▸ Data extract:
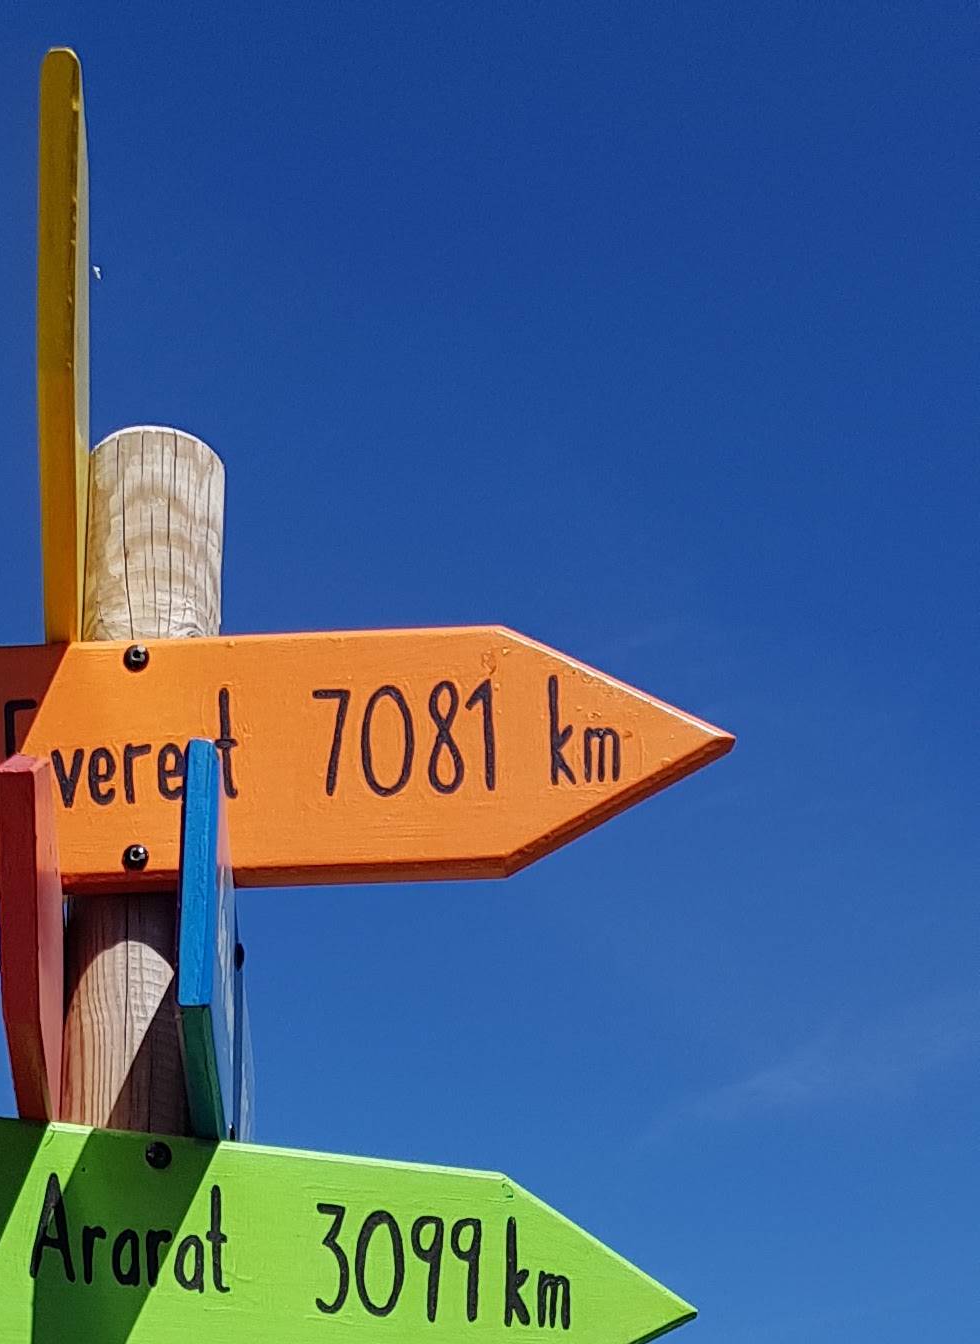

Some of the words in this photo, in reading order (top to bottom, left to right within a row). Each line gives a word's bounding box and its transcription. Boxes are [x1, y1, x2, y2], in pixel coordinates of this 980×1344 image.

[3, 686, 239, 809] veret
[312, 678, 496, 796] 7081
[547, 675, 621, 785] km
[29, 1172, 231, 1294] Ararat
[315, 1202, 483, 1323] 3099
[504, 1215, 572, 1330] km

▸ Work instruction: Transcribe each line above verbatim, with the pictures left out.

▸ Your response:
Some of the words in this photo, in reading order (top to bottom, left to right within a row). Each line gives a word's bounding box and its transcription. Boxes are [x1, y1, x2, y2], in pixel coordinates of this 980×1344 image.

[3, 686, 239, 809] veret
[312, 678, 496, 796] 7081
[547, 675, 621, 785] km
[29, 1172, 231, 1294] Ararat
[315, 1202, 483, 1323] 3099
[504, 1215, 572, 1330] km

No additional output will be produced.